Владислав Ходасевич тоже – как Левитан, как Гершензон – был инородцем. Ни капли русской крови не текло в его жилах. (Его дед по отцовской линии Я.И. Ходасевич был польский дворянин, участник восстания 1830 года, за что он был лишен дворянства, земли и имущества. Отцом матери поэта был известный в свое время публицист Я.А. Брафман – еврей, принявший православие.)
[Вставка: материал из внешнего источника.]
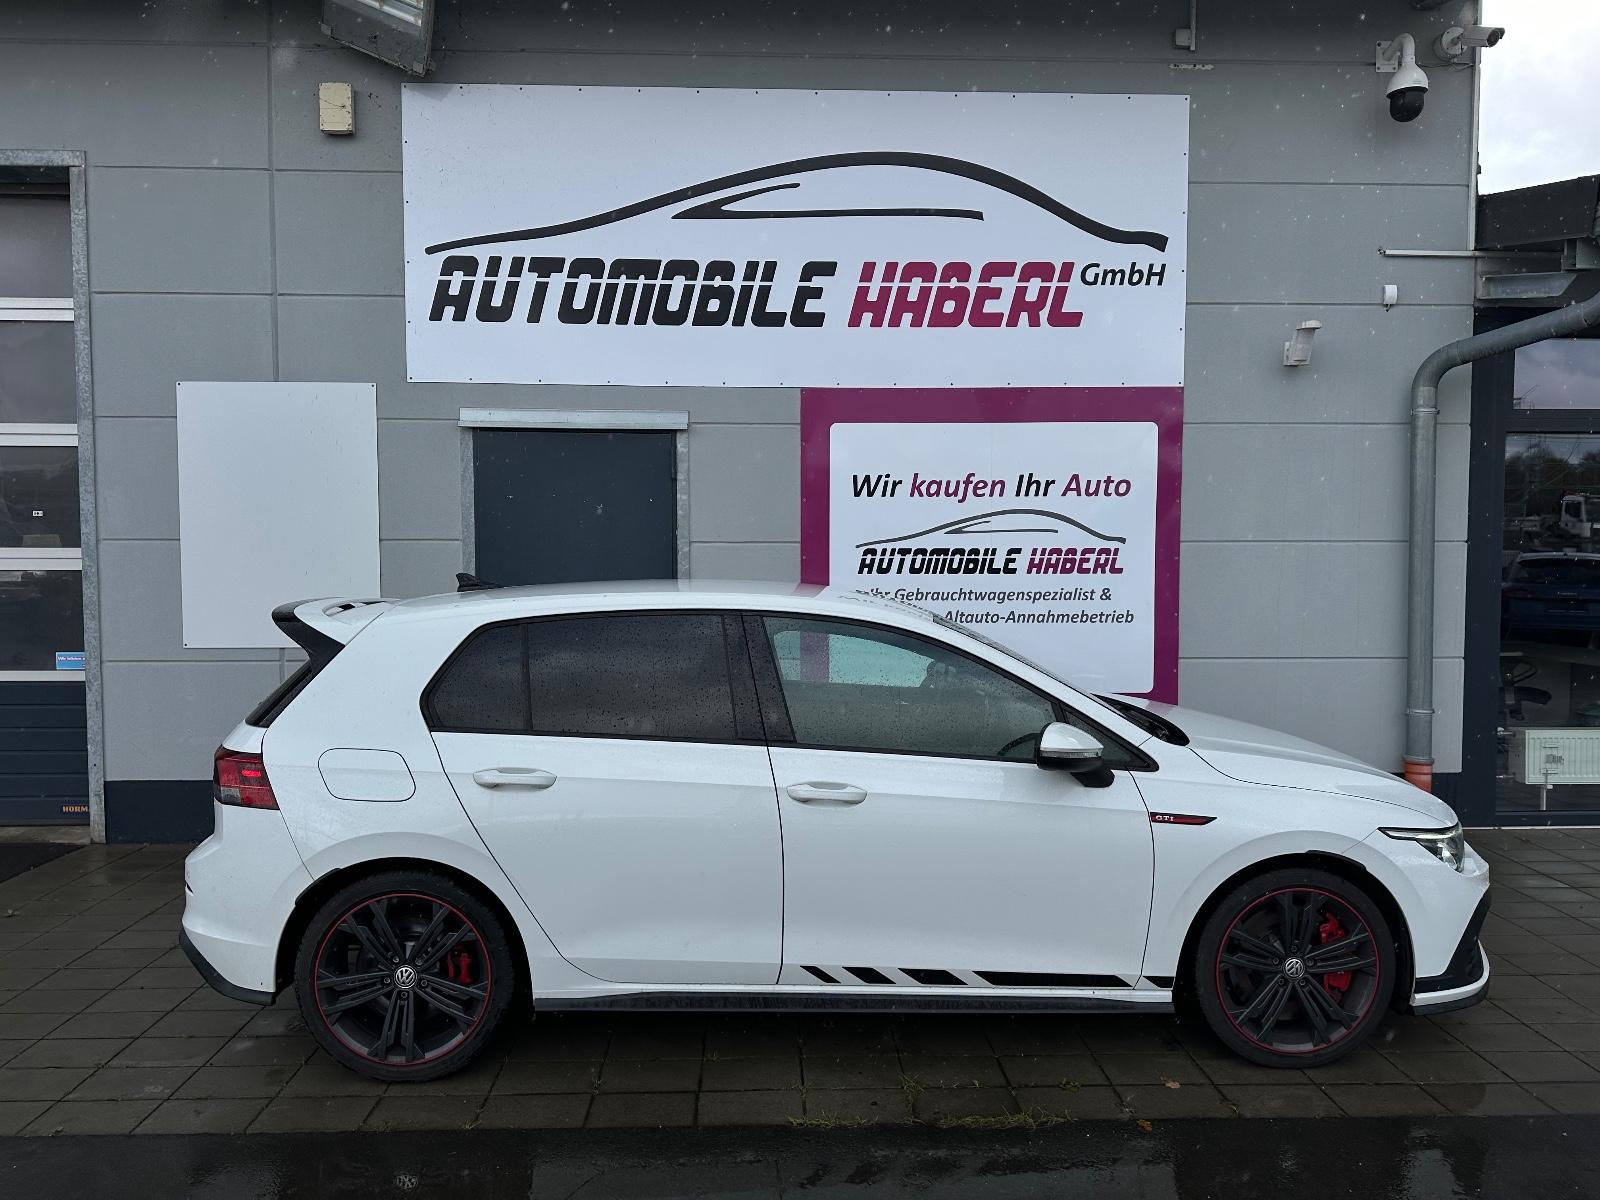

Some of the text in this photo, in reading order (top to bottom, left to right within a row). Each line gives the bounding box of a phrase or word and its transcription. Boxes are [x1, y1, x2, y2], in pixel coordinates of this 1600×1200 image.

Этого своего «инородчества» Владислав Фелицианович не скрывает – он даже на нем настаивает, прямо называя себя пасынком России. Но для тех, кто посмел бы поставить под сомнение его кровную причастность русскому языку и русской культуре, у него давно уже был заготовлен ответ:
Не матерью, но тульскою крестьянкой
Еленой Кузиной я выкормлен. Она
Свивальники мне грела над лежанкой,
Крестила на ночь от дурного сна…
Она меня молитвам не учила,
Но отдала мне безраздельно все:
И материнство горькое свое,
И просто все, что дорого ей было…
И вот, Россия, «громкая держава»,
Ее сосцы губами теребя,
Я высосал мучительное право
Тебя любить и проклинать тебя.
Но – в этом же стихотворении – он не боится признаться и в том, что любит Россию не «самоедской» любовью. А что, подобно «английскому гражданину», он горд своей причастностью к наивысшим из ее достояний. У англичан – это «учреждения и высокая цивилизация» их «славного острова». У нас – иное:
В том честном подвиге, в том счастье песнопений,
Которому служу я в каждый миг,
Учитель мой – твой чудотворный гений,
И поприще – волшебный твой язык.
«Твой чудотворный гений» – это, конечно, Пушкин. Так возникает вторая – не менее важная – тема стихотворения. Выясняется, что это свое «мучительное право», свою кровную связь с Россией, свое бытие в русском языке и в русской поэзии Ходасевич не только «высосал» с молоком своей кормилицы, но и перенял, унаследовал от учителя – от Пушкина.
3
Ритм, синтаксис, архаическая лексика процитированного стихотворения – да и не его одного! – говорят о жестком консерватизме художественных вкусов Ходасевича. Да он никогда и не скрывал этого – свою упрямую приверженность классическим образцам формулировал не только внятно, но даже и подчеркнуто:
Заумно, может быть, поет
Лишь ангел, Богу предстоящий, —
Да Бога не узревший скот
Мычит заумно и ревет.
А я – не ангел осиянный,
Не лютый змий, не глупый бык.
Люблю из рода в род мне данный
Мой человеческий язык.
Его суровую свободу,
Его извилистый закон…
О, если б мой предсмертный стон
Облечь в отчетливую оду!
Это поэтическое кредо Ходасевича – отчетливо полемично. Может показаться, что жало этой полемики строго и точно нацелено в футуристов – недаром же в коротеньком стихотворении поэт дважды саркастически подчеркивает свое упрямое неприятие футуристической (конечно, футуристической, а какой же еще?) зауми. («Глупыйбык», который «мычит заумно и ревет», – это уж не Маяковский ли?)
На самом деле, однако, Ходасевич метит тут не в футуристов. Во всяком случае, не только в них.
14 февраля 1921 года на Пушкинском вечере в Доме литераторов – том самом, на котором Блок произнес свою знаменитую речь «О назначении поэта», – Ходасевич выступил со своей пушкинской речью. Он говорил там о наступлении «второго затмения» Пушкина. (Первое было во времена Писарева.) О том, что обращаясь в эти дни к Пушкину, «мы уславливаемся, каким именем нам аукаться, как нам перекликаться в надвигающемся мраке».
Упрямый консерватизм Ходасевича во многом был сродни яростному консерватизму Бунина. И в характере его было много черт, роднящих его с Буниным. Знаменитая злость Бунина была притчею во языцех. Да он и сам сказал о себе (в письме Телешову): «Я стар, сед, сух, но еще ядовит». О злости Ходасевича тоже ходили легенды. В.Б. Шкловский признавался, что однажды сказал Владиславу Фелицианови-чу: «У вас туберкулез, но вы не умираете, потому что палочки Коха дохнут в вашей крови, такая она ядовитая».